Both countries demanded Japan do more to atone for the brutal expansionism of the 20th century, while in Tokyo cabinet ministers paid tribute to fallen Japanese, including top war criminals, at a controversial shrine.
Beijing said the key issue was “whether Japan can really look in the mirror of history, heeding its lessons, holding hands with Asian people to face the future”.
“The power is in the hands of Japan itself,” it added. “We hope Japan can keep its promise to deal with and reflect on its invasion history and take concrete measures to safeguard China-Japan relations.”
In Seoul, President Lee Myung-Bak, whose visit to disputed islands last week sent relations with Tokyo into virtual freefall, said Japan had to make amends for the sexual slavery it forced on women in its former colony.
“It was a breach of women’s rights committed during wartime as well as a violation of universal human rights and historic justice. We urge the Japanese government to take responsible measures in this regard,” Lee said.
“Chain links tangled in the history of Korea-Japan relations are hampering the common march toward a better tomorrow in the Northeast Asian region, as well as bilateral ties,” Lee said.
The demands came as Japanese police arrested 14 people, some of whom had landed on on an island claimed by both Beijing and Tokyo.
The group had sailed from Hong Kong to the archipelago, known as Senkaku in Japan and Diaoyu in China, with the intention of planting a Chinese flag.
Japan summoned the Chinese ambassador in response.
Their action came just days after South Korea’s Lee landed on another set of disputed islands, kicking back into life a long-slumbering row with Japan, which this week morphed into a warning that Japan’s emperor must apologise if he ever wanted to visit.
Tokyo rounded on Lee, who had previously been viewed as a pragmatist with whom it could deal.
Foreign minister Koichiro Gemba said his comments on the emperor – a respected figurehead in Japan – were “extremely regrettable” and “difficult to comprehend”.
As Seoul celebrated Liberation Day, around 500 South Koreans, including two former comfort women, rallied outside the Japanese embassy in Seoul.
It was their 1,035th weekly protest over the issue, which Tokyo insists was settled in a 1965 accord normalising relations.
The demonstration was echoed in Taiwan, which Japan occupied from 1895 until the war’s end, where about 200 Taiwanese chanted slogans and tore up Japanese military flags.
Japan marked the 67th anniversary of its surrender with an official ceremony in which Emperor Akihito and prime minister Yoshihiko Noda led 6,000 people in prayer.
Their speeches used tried and tested formulae for regret, but avoided an explicit apology.
“During the war, (Japan) inflicted significant damage and pain on many countries, especially on people in Asian countries,” Noda told the annual ceremony. “We deeply regret that.”
Akihito said: “Recalling history, I profoundly hope that the suffering of war will never be repeated. I sincerely express mourning for those who lost their lives on the battlefields, and wish world peace and our country’s further development.”

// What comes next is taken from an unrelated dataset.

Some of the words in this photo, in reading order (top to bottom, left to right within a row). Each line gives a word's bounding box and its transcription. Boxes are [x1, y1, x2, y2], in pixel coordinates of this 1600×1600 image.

Less diplomatically palatable were the pilgrimages by two of Noda’s cabinet to Yasukuni Shrine in central Tokyo, which honours 2.5 million war dead – including 14 leading war criminals from World War II.
Those enshrined at Yasukuni include general Hideki Tojo, the Japanese prime minister who ordered the attack on Pearl Harbor and was convicted of war crimes and hanged by a US-led tribunal.

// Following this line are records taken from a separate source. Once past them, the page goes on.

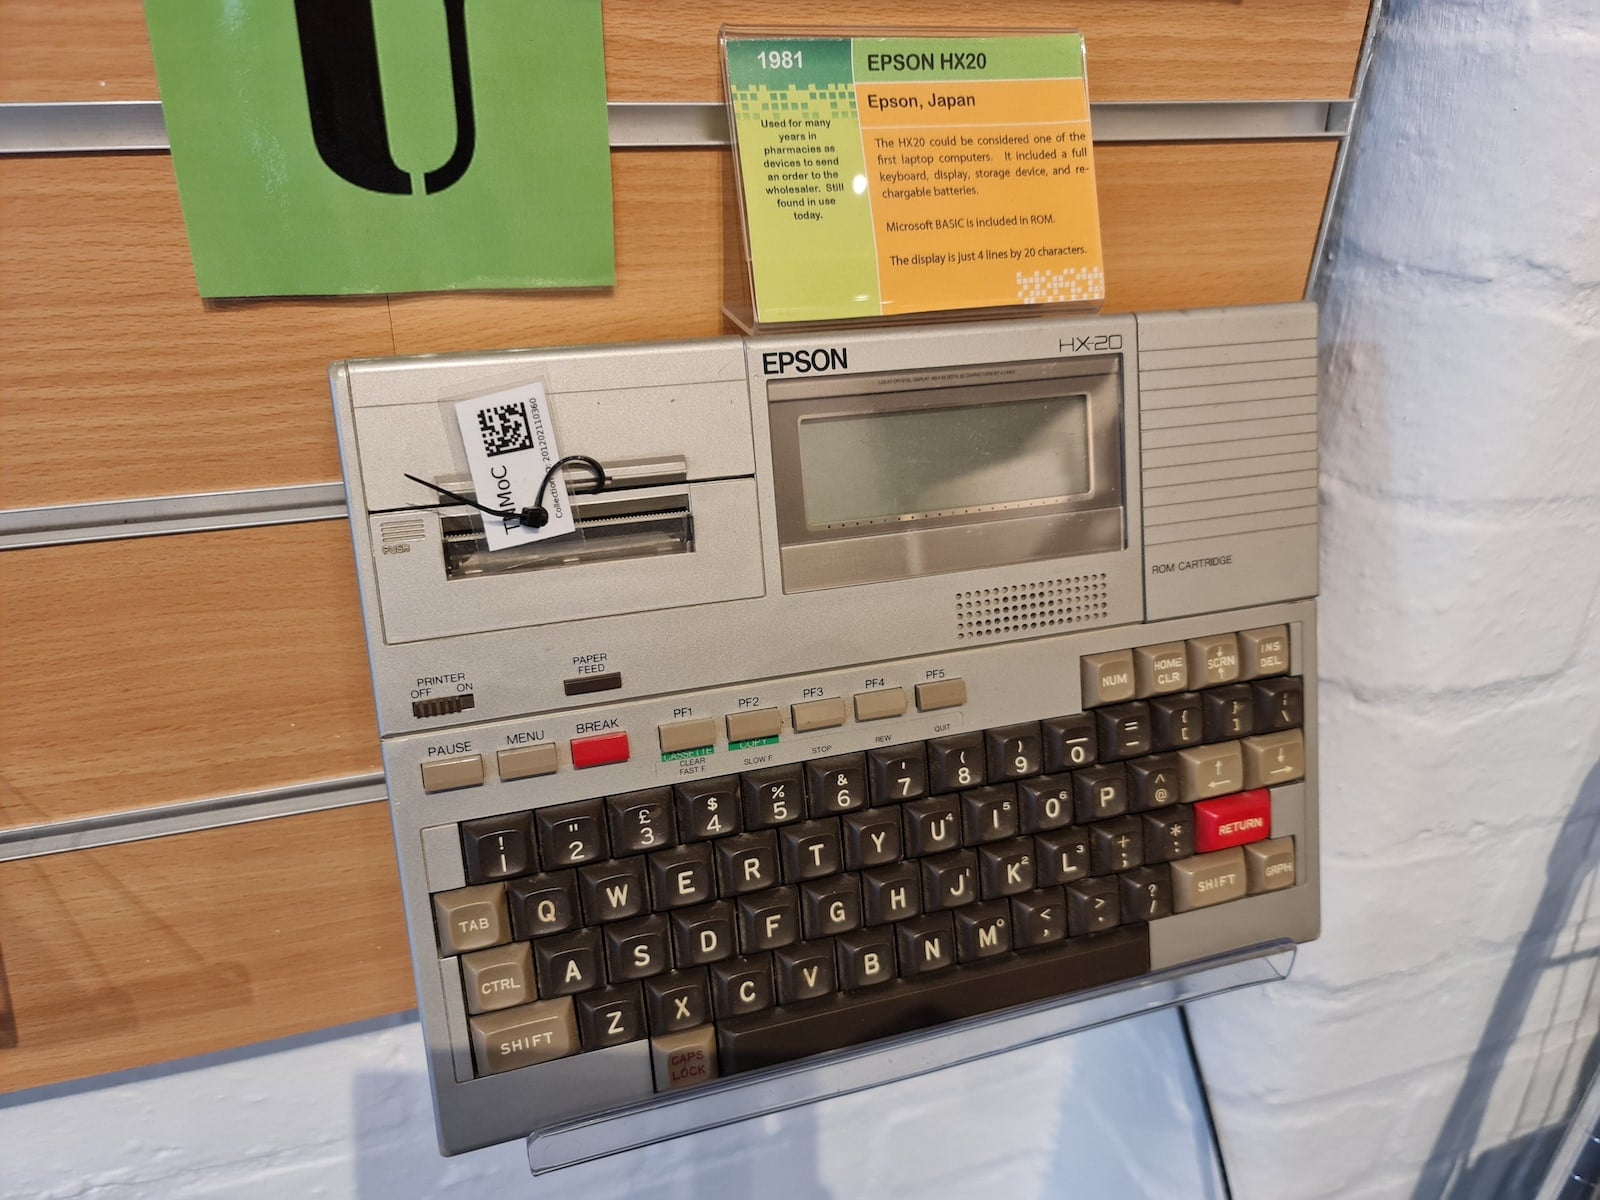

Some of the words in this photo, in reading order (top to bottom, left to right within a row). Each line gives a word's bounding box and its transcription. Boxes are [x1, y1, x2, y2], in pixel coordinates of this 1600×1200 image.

[758, 51, 802, 69] 1981
[867, 54, 934, 72] EPSON
[940, 52, 986, 71] HX20
[868, 94, 923, 111] Epson,
[928, 93, 976, 111] Japan
[761, 119, 786, 128] Used
[789, 119, 801, 127] for
[805, 119, 831, 129] many
[779, 133, 805, 142] years
[808, 131, 816, 140] in
[876, 138, 894, 148] The
[899, 137, 925, 147] HX20
[929, 136, 956, 147] could
[960, 135, 974, 146] be
[977, 134, 1029, 145] considered
[1033, 135, 1051, 144] one
[1056, 132, 1065, 142] of
[1070, 132, 1086, 142] the
[764, 146, 821, 156] pharmacies
[878, 154, 897, 165] first
[901, 153, 934, 166] laptop
[938, 153, 993, 165] computers.
[1005, 151, 1012, 161] It
[1015, 149, 1056, 160] included
[1072, 147, 1088, 158] full
[763, 159, 801, 168] devices
[816, 157, 839, 166] send
[782, 172, 808, 180] order
[811, 171, 821, 180] to
[823, 171, 838, 179] the
[880, 170, 929, 182] keyboard,
[934, 169, 971, 181] display,
[975, 168, 1010, 180] storage
[1015, 166, 1049, 178] device,
[1052, 165, 1071, 175] and
[1075, 166, 1089, 174] re-
[766, 185, 821, 194] wholesaler.
[826, 183, 844, 192] Still
[882, 186, 931, 200] chargable
[933, 185, 979, 197] batteries.
[777, 198, 804, 208] found
[807, 198, 816, 206] in
[794, 211, 823, 221] today.
[886, 216, 933, 232] Microsoft
[935, 217, 965, 230] BASIC
[966, 217, 974, 228] is
[976, 215, 1017, 227] included
[1019, 214, 1028, 225] in
[1031, 214, 1056, 224] ROM.
[890, 255, 909, 266] The
[911, 253, 946, 266] display
[948, 252, 956, 263] is
[958, 251, 976, 263] just
[977, 251, 984, 260] 4
[986, 249, 1008, 260] lines
[1010, 249, 1022, 261] by
[1024, 248, 1036, 258] 20
[1037, 246, 1088, 257] characters.
[762, 347, 848, 375] EPSON
[1059, 334, 1123, 353] HX-20
[529, 397, 550, 462] 201202110360
[383, 544, 410, 555] PUSH
[1152, 563, 1174, 575] ROM
[1178, 555, 1232, 571] CARTRIDGE
[1261, 642, 1280, 653] INS
[573, 653, 607, 665] PAPER
[1154, 657, 1183, 671] HOME
[1208, 655, 1235, 669] SCRN
[1261, 657, 1282, 667] DEL
[578, 664, 605, 674] FEED
[926, 669, 945, 679] PF5
[417, 672, 466, 687] PRINTER
[865, 678, 885, 689] PF4
[1102, 673, 1127, 687] NUM
[1158, 672, 1180, 685] CLR
[411, 688, 432, 699] OFF
[457, 682, 473, 693] ON
[803, 687, 824, 699] PF3
[738, 697, 759, 708] PF2
[673, 707, 693, 719] PF1
[576, 718, 619, 734] BREAK
[934, 722, 951, 733] QUIT
[506, 730, 545, 745] MENU
[875, 734, 891, 744] REW
[428, 740, 473, 757] PAUSE
[811, 744, 832, 754] STOP
[679, 756, 706, 767] CLEAR
[744, 755, 765, 765] SLOW
[767, 754, 773, 763] F
[1014, 756, 1028, 773] 9
[679, 766, 699, 776] FAST
[700, 766, 706, 774] F
[958, 766, 971, 784] 8
[837, 774, 848, 786] &
[898, 777, 912, 796] 7
[771, 785, 785, 799] %
[837, 790, 850, 806] 6
[1100, 786, 1114, 808] P
[707, 797, 718, 811] $
[773, 802, 787, 819] 5
[638, 809, 651, 824] £
[706, 814, 721, 832] 4
[1218, 818, 1263, 836] RETURN
[640, 827, 654, 845] 3
[871, 832, 886, 852] Y
[569, 841, 585, 860] 2
[809, 844, 824, 866] T
[743, 857, 761, 881] R
[1265, 862, 1292, 878] GRPH
[678, 870, 696, 894] E
[1198, 873, 1236, 892] SHIFT
[606, 884, 629, 908] W
[891, 887, 905, 910] H
[538, 900, 556, 922] Q
[829, 902, 845, 922] G
[458, 917, 489, 934] TAB
[766, 914, 781, 937] F
[700, 930, 717, 952] D
[924, 938, 941, 960] N
[634, 945, 651, 967] S
[864, 953, 880, 975] B
[565, 959, 582, 983] A
[803, 966, 818, 988] V
[482, 976, 521, 995] CTRL
[739, 981, 756, 1002] C
[674, 996, 690, 1020] X
[606, 1011, 624, 1035] Z
[500, 1032, 553, 1056] SHIFT
[671, 1050, 704, 1065] CAPS
[672, 1064, 705, 1081] LOCK

Jin Matsubara, one of the ministers, told reporters he was there “in a personal capacity” and had used his visit to “remember ancestors who established the foundations of the prosperity of present-day Japan”.

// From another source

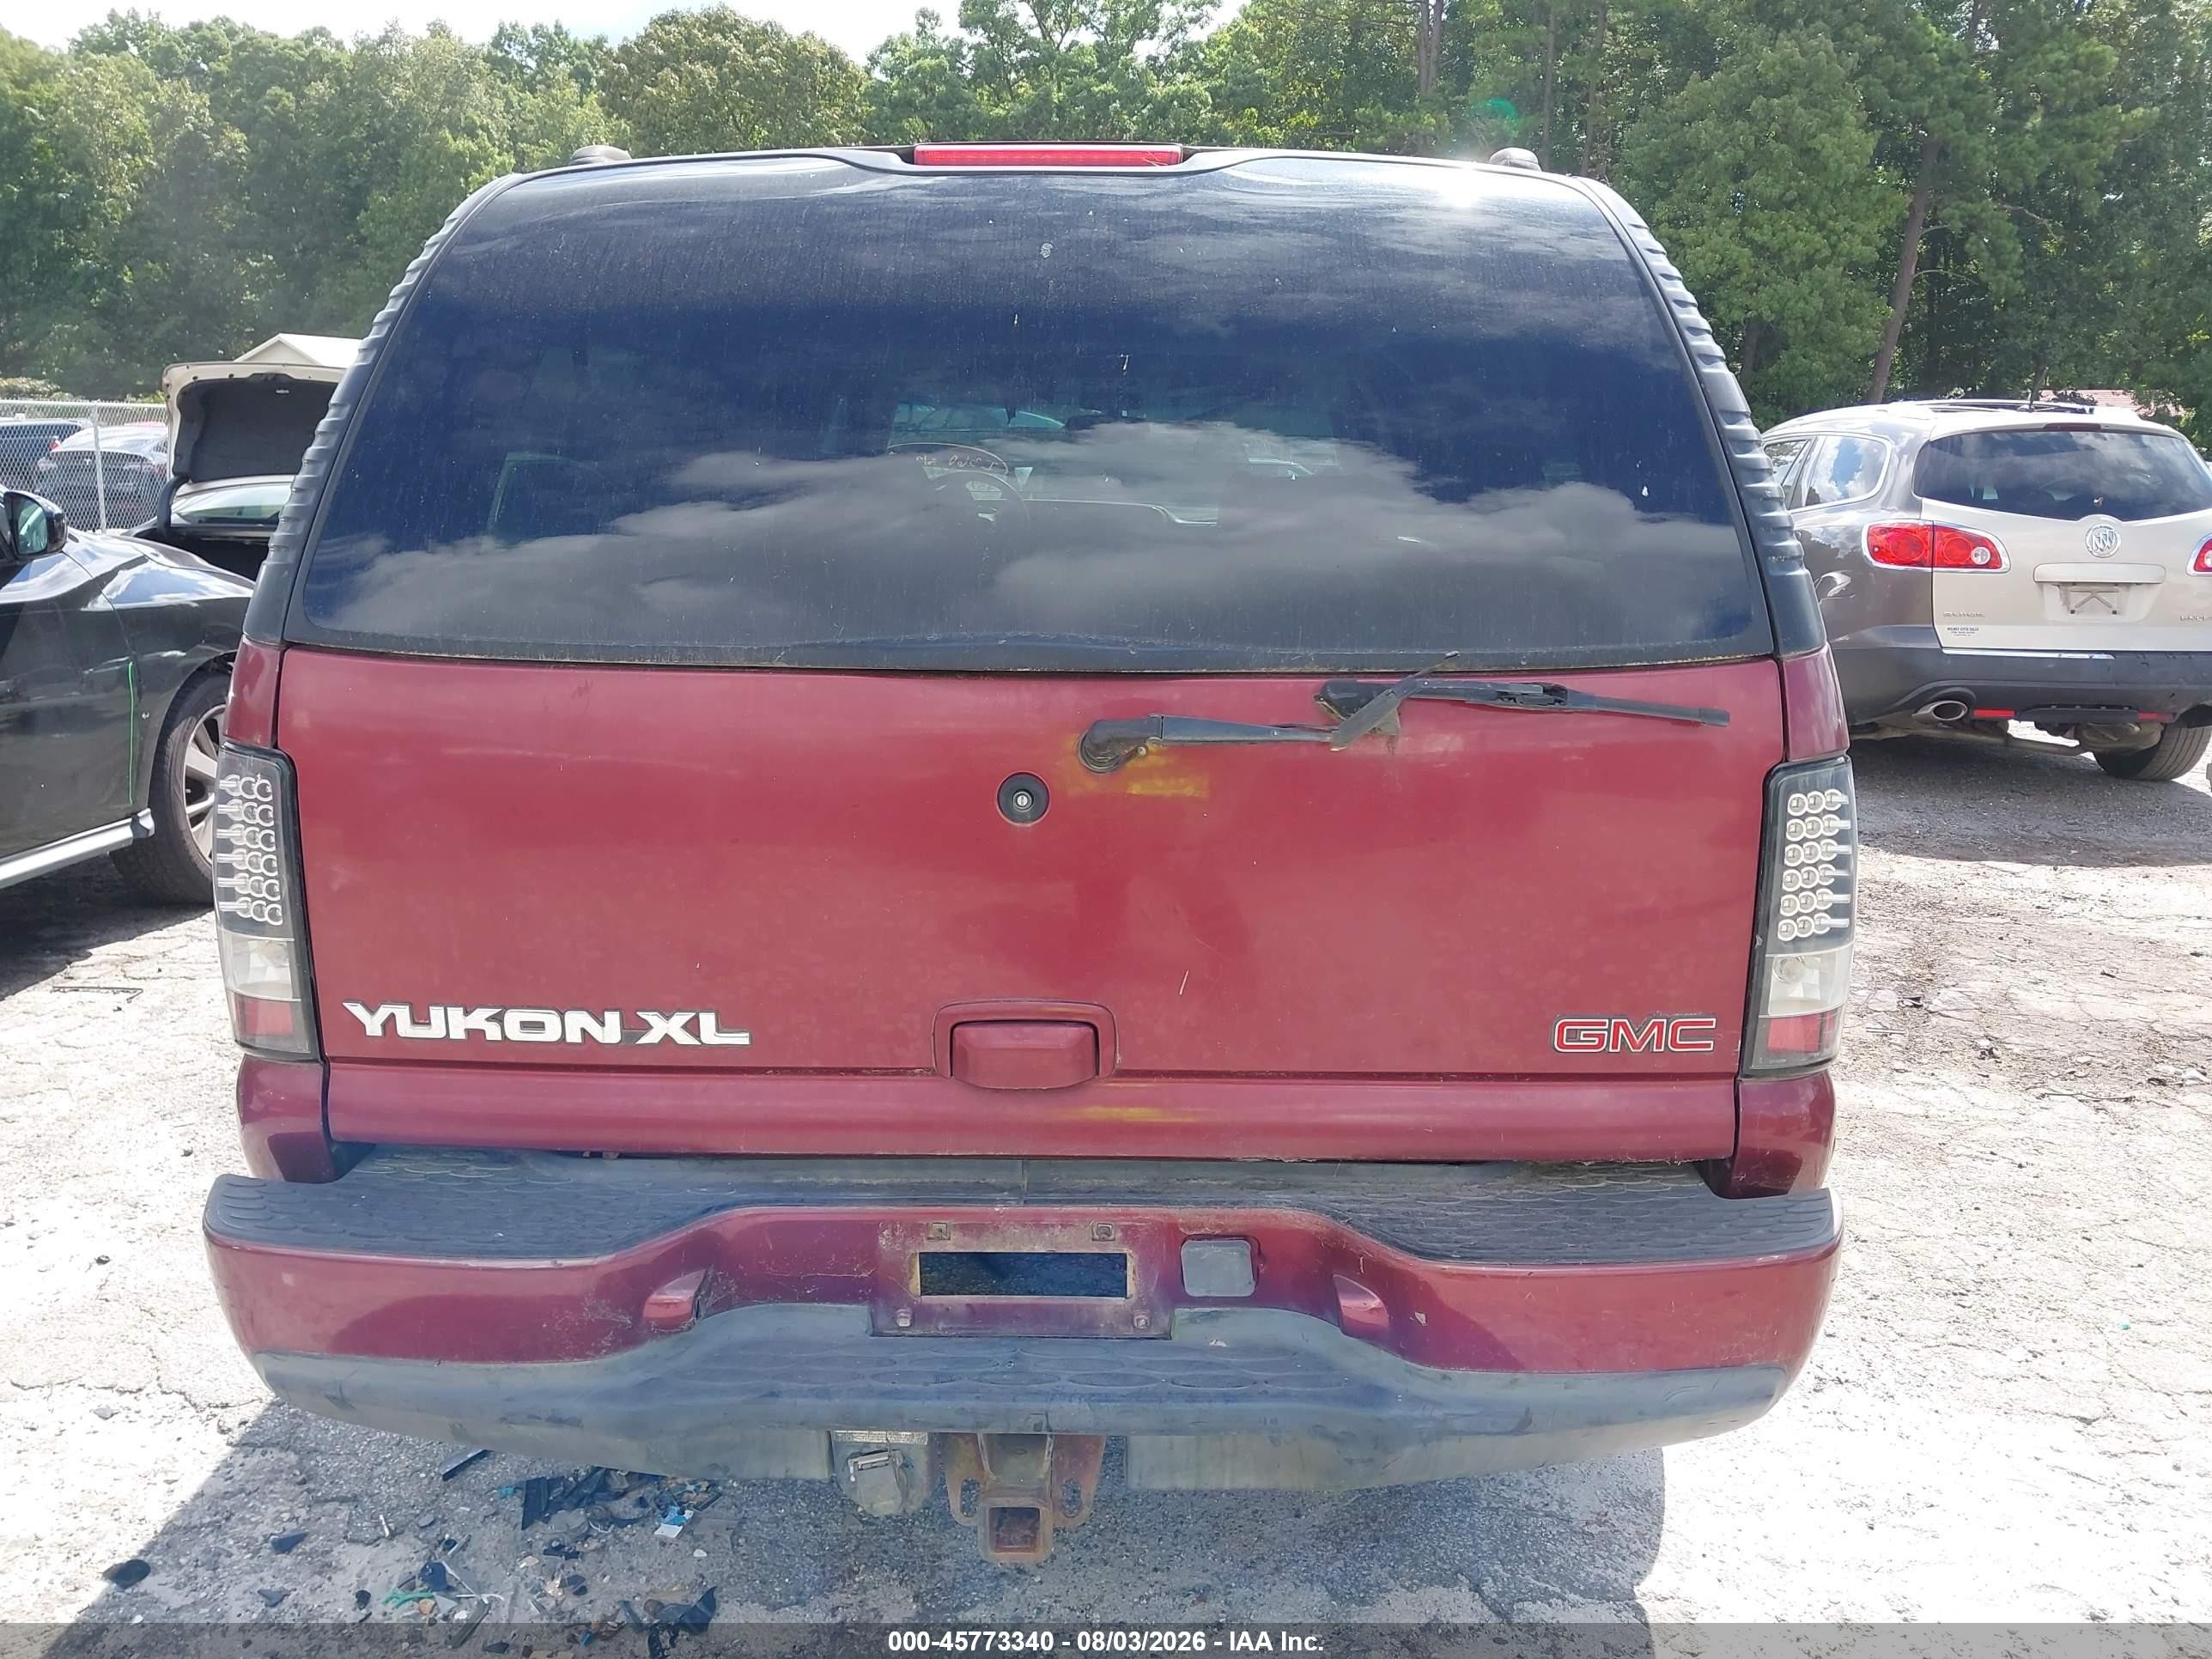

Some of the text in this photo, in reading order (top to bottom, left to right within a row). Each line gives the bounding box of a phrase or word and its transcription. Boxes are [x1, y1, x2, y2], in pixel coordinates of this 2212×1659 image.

The pilgrimages were the first on the sensitive anniversary by any government minister since the centre-left Democratic Party of Japan came to power in 2009.
All three prime ministers since then have asked their cabinets to stay away, but Noda’s crumbling support seemingly left him without sufficient power to prevent the visits.
North Korean state media said the ministers’ actions were an “intolerable insult and mockery of the Asian people who suffered a lot due to the atrocities of Japan”.